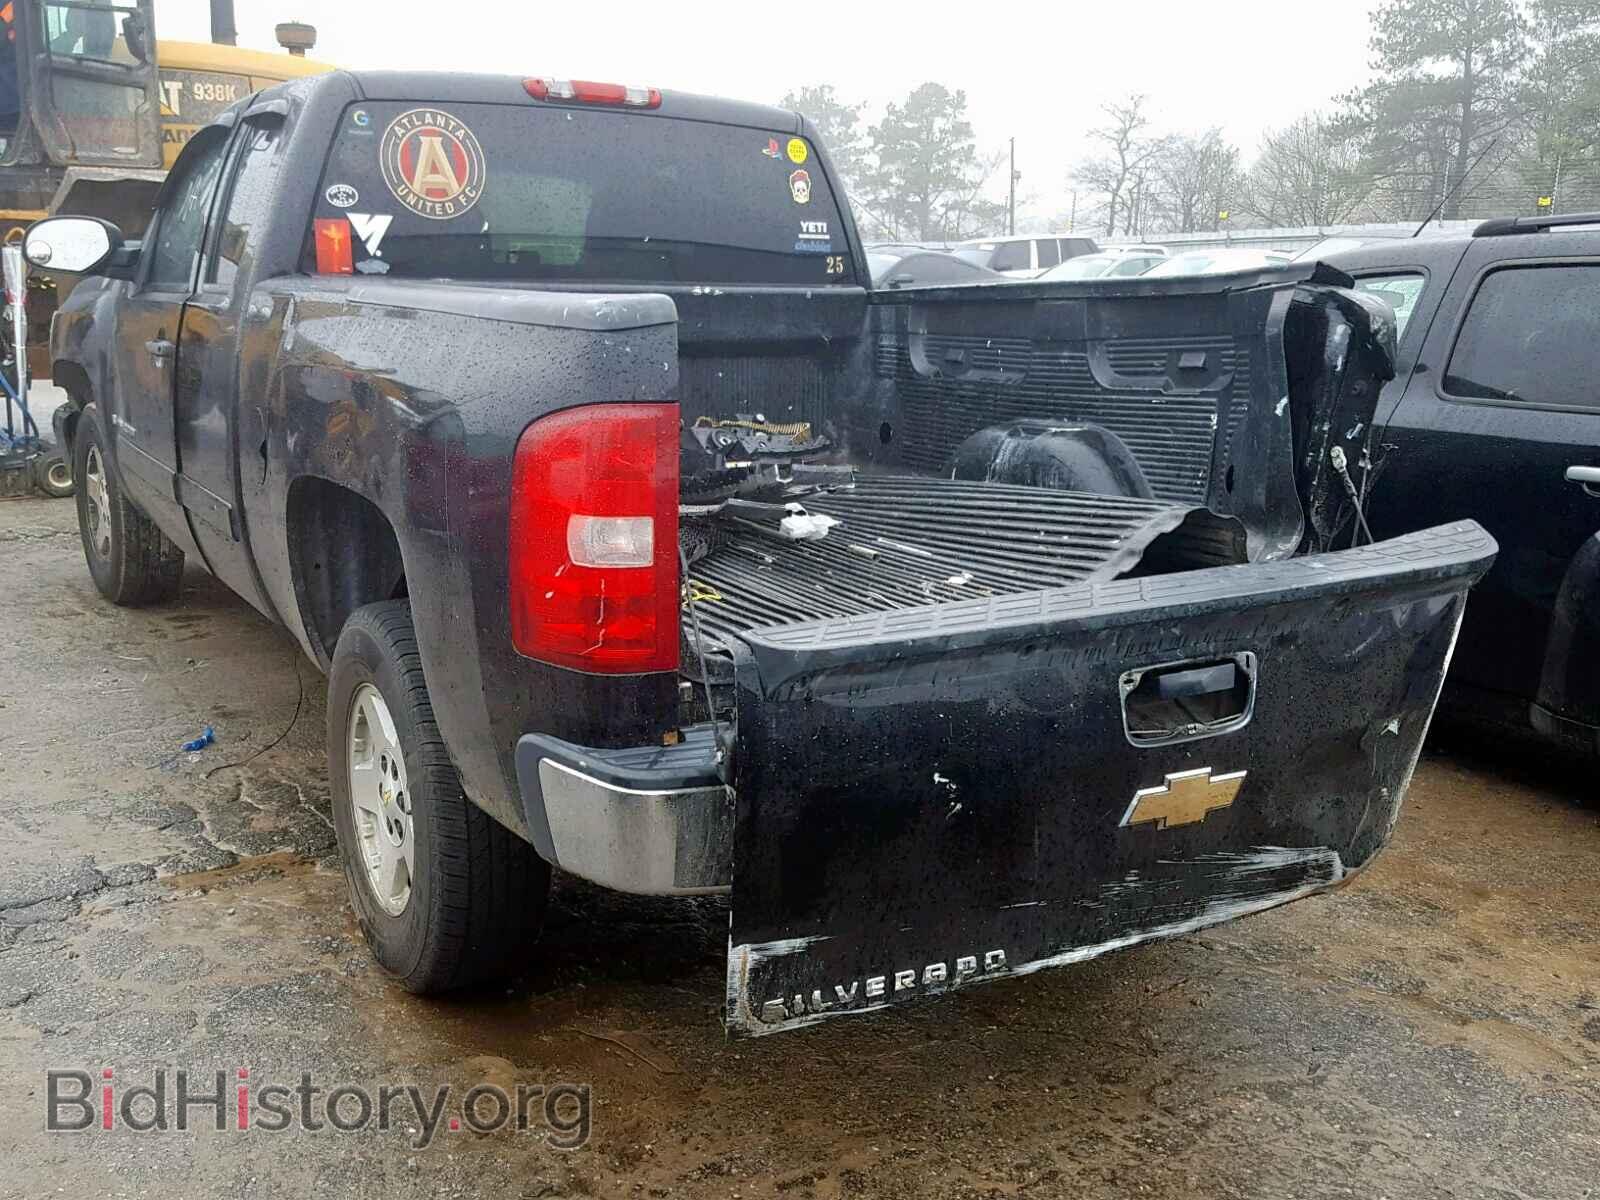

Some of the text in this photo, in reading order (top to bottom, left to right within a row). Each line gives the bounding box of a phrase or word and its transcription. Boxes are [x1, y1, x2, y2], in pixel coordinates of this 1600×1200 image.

[193, 82, 236, 101] 938K
[394, 113, 466, 140] ATLANTA
[396, 184, 476, 215] UNITED FC
[799, 220, 827, 233] YETI
[826, 256, 844, 273] 25
- - - - -
#### [Assigned task]
The records above must be retyped exactly. Please omit the pictures.

#### [Problem solution]
Some of the text in this photo, in reading order (top to bottom, left to right within a row). Each line gives the bounding box of a phrase or word and its transcription. Boxes are [x1, y1, x2, y2], in pixel coordinates of this 1600×1200 image.

[193, 82, 236, 101] 938K
[394, 113, 466, 140] ATLANTA
[396, 184, 476, 215] UNITED FC
[799, 220, 827, 233] YETI
[826, 256, 844, 273] 25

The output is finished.